_What the task requires_
Skip any image you find and restate the rest of the data word for word.

▬▬▬▬▬▬▬▬▬▬

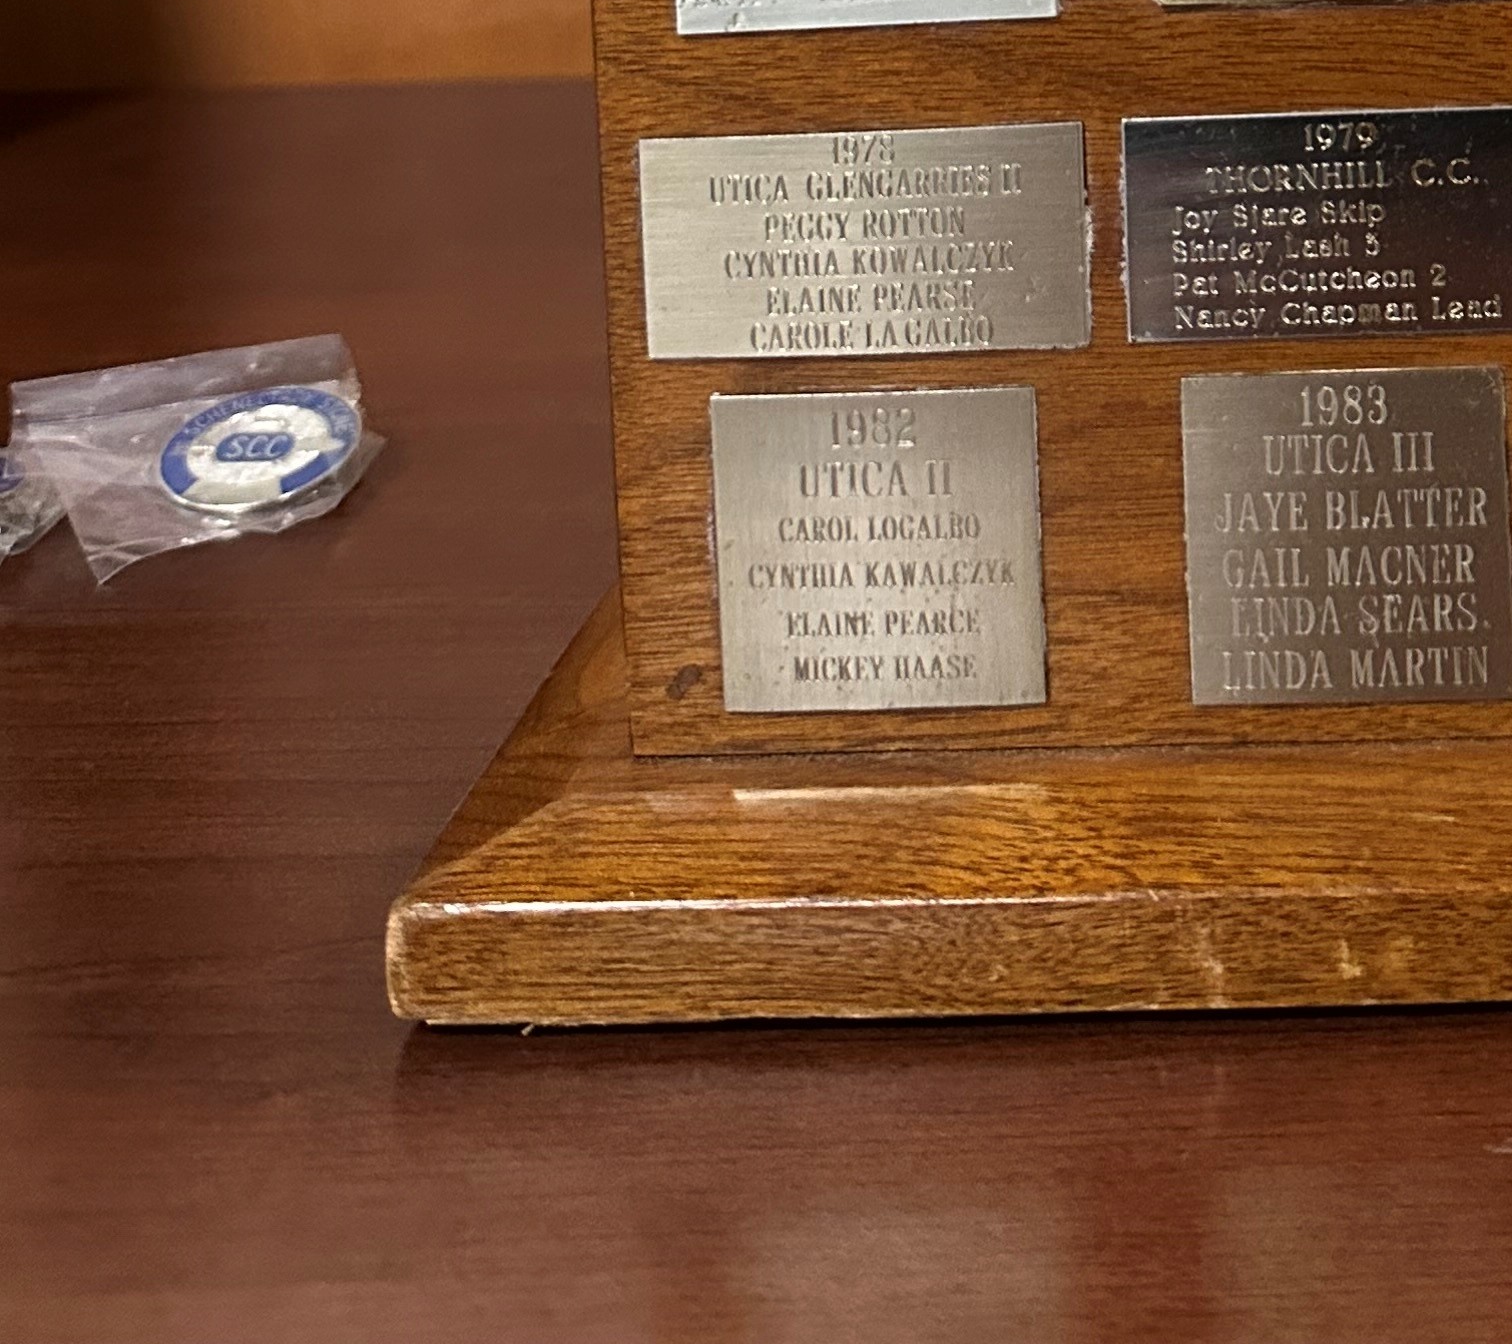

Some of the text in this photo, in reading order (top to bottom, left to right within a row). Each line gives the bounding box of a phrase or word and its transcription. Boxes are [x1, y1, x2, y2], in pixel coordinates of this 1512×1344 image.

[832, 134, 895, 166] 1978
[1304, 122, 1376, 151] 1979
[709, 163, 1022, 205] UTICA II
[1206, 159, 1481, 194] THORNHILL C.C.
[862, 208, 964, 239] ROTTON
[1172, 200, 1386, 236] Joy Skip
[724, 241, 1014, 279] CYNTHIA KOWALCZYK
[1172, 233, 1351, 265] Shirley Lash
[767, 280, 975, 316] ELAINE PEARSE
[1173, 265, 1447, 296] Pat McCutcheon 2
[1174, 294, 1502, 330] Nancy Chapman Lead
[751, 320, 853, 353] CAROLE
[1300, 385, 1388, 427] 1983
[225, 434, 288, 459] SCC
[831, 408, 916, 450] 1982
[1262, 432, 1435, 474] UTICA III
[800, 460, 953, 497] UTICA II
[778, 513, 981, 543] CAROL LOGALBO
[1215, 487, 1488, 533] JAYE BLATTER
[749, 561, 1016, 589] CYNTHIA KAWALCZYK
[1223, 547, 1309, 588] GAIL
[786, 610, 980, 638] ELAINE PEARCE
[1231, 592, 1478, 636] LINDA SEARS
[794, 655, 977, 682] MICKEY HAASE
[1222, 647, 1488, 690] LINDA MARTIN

▬▬▬▬▬▬▬▬▬▬

_Response_
Some of the text in this photo, in reading order (top to bottom, left to right within a row). Each line gives the bounding box of a phrase or word and its transcription. Boxes are [x1, y1, x2, y2], in pixel coordinates of this 1512×1344 image.

[832, 134, 895, 166] 1978
[1304, 122, 1376, 151] 1979
[709, 163, 1022, 205] UTICA II
[1206, 159, 1481, 194] THORNHILL C.C.
[862, 208, 964, 239] ROTTON
[1172, 200, 1386, 236] Joy Skip
[724, 241, 1014, 279] CYNTHIA KOWALCZYK
[1172, 233, 1351, 265] Shirley Lash
[767, 280, 975, 316] ELAINE PEARSE
[1173, 265, 1447, 296] Pat McCutcheon 2
[1174, 294, 1502, 330] Nancy Chapman Lead
[751, 320, 853, 353] CAROLE
[1300, 385, 1388, 427] 1983
[225, 434, 288, 459] SCC
[831, 408, 916, 450] 1982
[1262, 432, 1435, 474] UTICA III
[800, 460, 953, 497] UTICA II
[778, 513, 981, 543] CAROL LOGALBO
[1215, 487, 1488, 533] JAYE BLATTER
[749, 561, 1016, 589] CYNTHIA KAWALCZYK
[1223, 547, 1309, 588] GAIL
[786, 610, 980, 638] ELAINE PEARCE
[1231, 592, 1478, 636] LINDA SEARS
[794, 655, 977, 682] MICKEY HAASE
[1222, 647, 1488, 690] LINDA MARTIN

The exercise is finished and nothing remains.